My partner John and I tied the knot on June 30th last year. John had wanted to get married for some time, and we could have done so in Massachusetts, but gay marriage has no federal recognition there, and thus offers none of the myriad legal protections that heterosexual marriage entails, so I felt that it would be something of a sham. Then Great Britain passed a law giving civil partnership legally identical status to marriage.

Because I am a dual national, it made sense for us to get hitched over there: if we ever decided to give up our US citizenship, we would be treated as each other’s next of kin, and would not be taxed on each other’s estates. The name may be less than in Massachusetts, but the rights are more.

Even after our well-attended celebration of union, I was shy of calling our relationship a marriage, and social reserve made me leery of using the word husband in referring to John; it seemed unmasculine and almost kitsch. Over time, though, I found myself increasingly incensed by the opposition to gay marriage and I recognized the use of that term as a tool in the battle for civil rights. My hesitancy owed to a society that had always made me feel that I could assume my real identity only at a cost.

Gradually, however, I’ve become convinced that words and rights are ultimately inseparable, and that it is pusillanimous for me to call John anything other than my husband.
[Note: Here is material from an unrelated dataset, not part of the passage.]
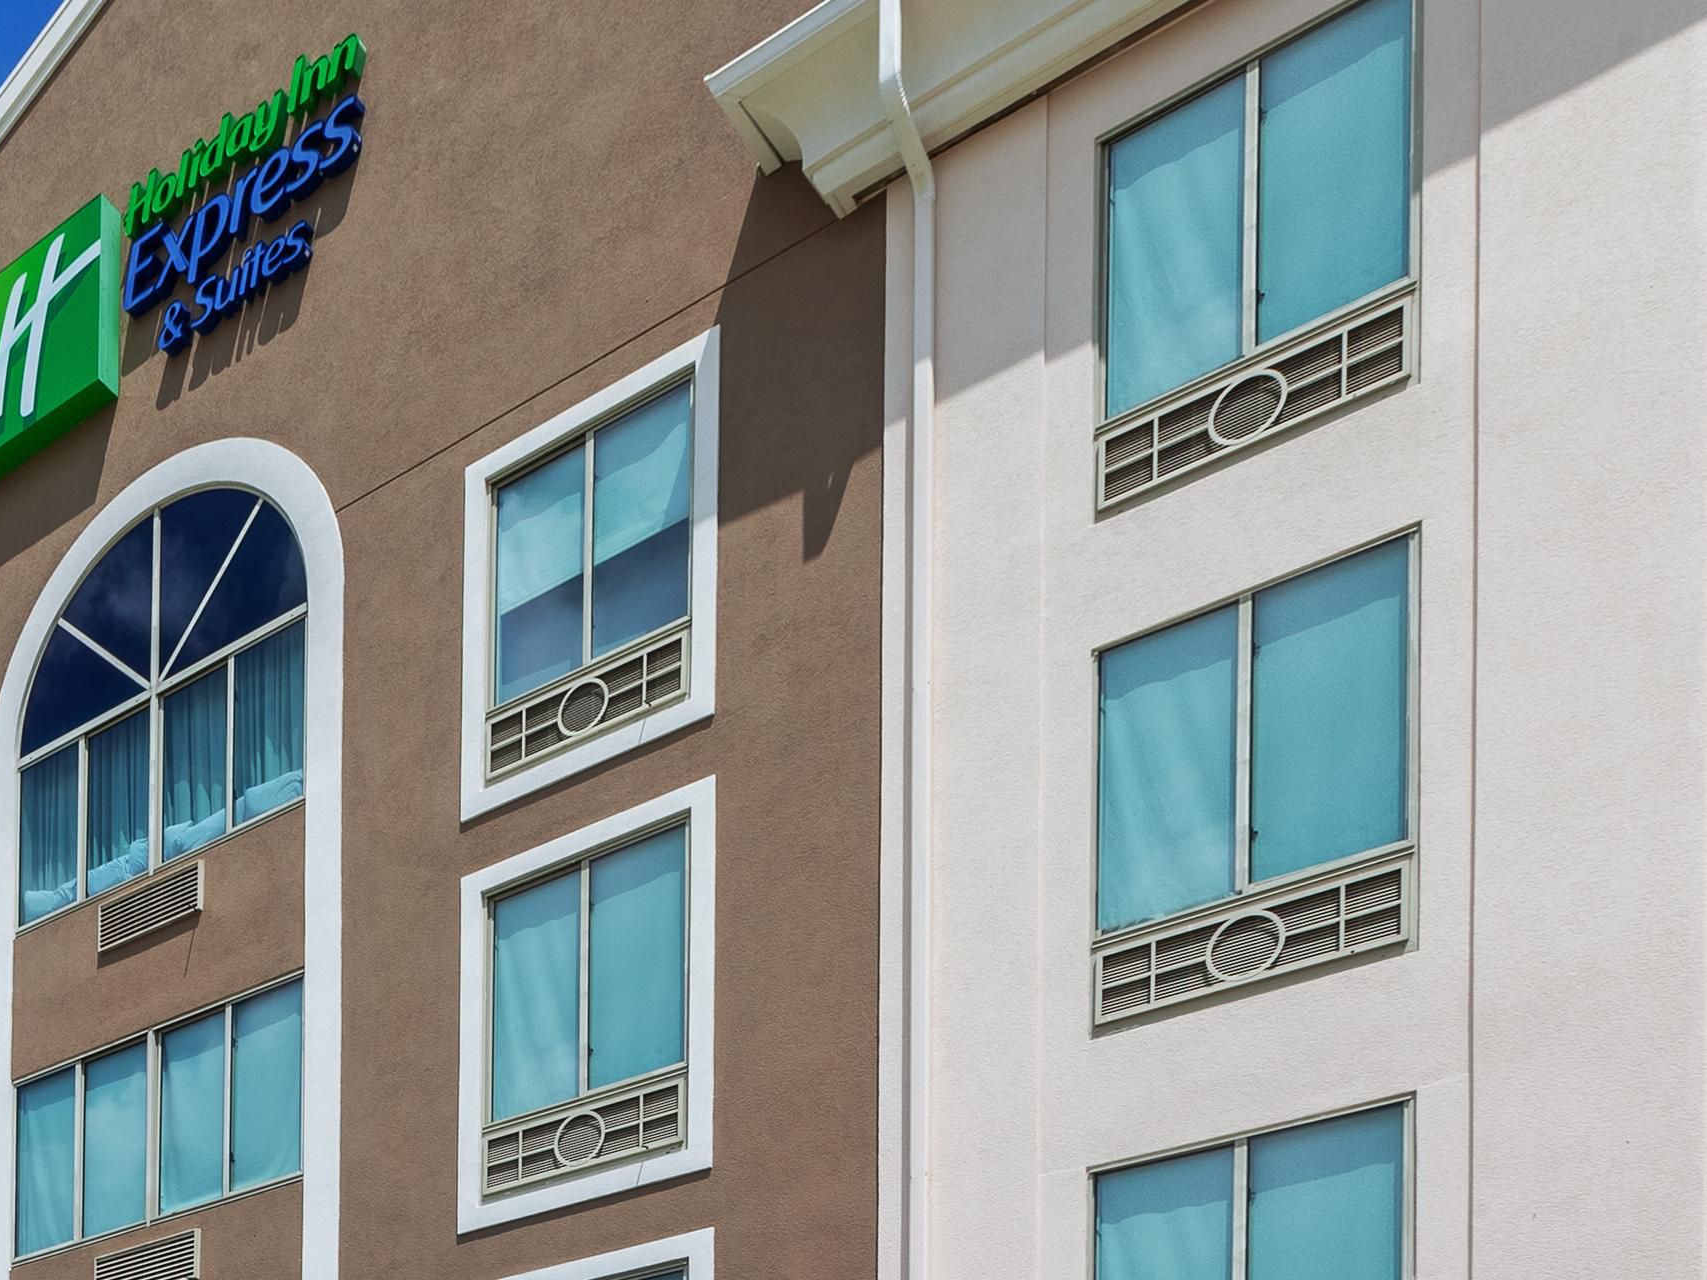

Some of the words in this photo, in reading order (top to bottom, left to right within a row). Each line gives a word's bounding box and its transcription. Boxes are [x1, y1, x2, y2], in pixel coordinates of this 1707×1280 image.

Linguistic apartheid gives license to those who would treat us as lesser citizens, and our love as an inferior love. It exacts a price, compromising our feeling of participation in the great history of love that our parents’ marriages reflected. Philip Larkin’s poem about a tomb in which the remains of a husband and wife were placed together, ends, “What will remain of us is love.” Marriage is the institution by which that love is sanctified, for better or worse—the mechanism of that remaining.

Since our wedding, I’ve gone from mild advocate to passionate supporter of gay marriage, of unions but especially of marriage itself. In the grand scheme of things, I’d rather have an election that brought in Obama and failed on marriage than the other way around, and I am almost embarrassingly excited about our new president. But it has been a bitter pill to hear the throngs shouting for joy about this election, while so many gay men and lesbians are being hit with a sense of how regressive society is about our rights and priorities.

Activists have consoled us that gay marriage will end up winning, but I don’t want to be the equivalent of the 106-year-old woman Obama lionized in his victory speech, winding down old age with the satisfying experience of seeing prejudice finally fall. I may have to wait that long to vote for a gay candidate for the presidency, but I will not wait so long for permission to refer to John as my husband not as an affectation but as a matter of national legal record, affirming the same rights and the same status between us that our heterosexual married friends and family enjoy.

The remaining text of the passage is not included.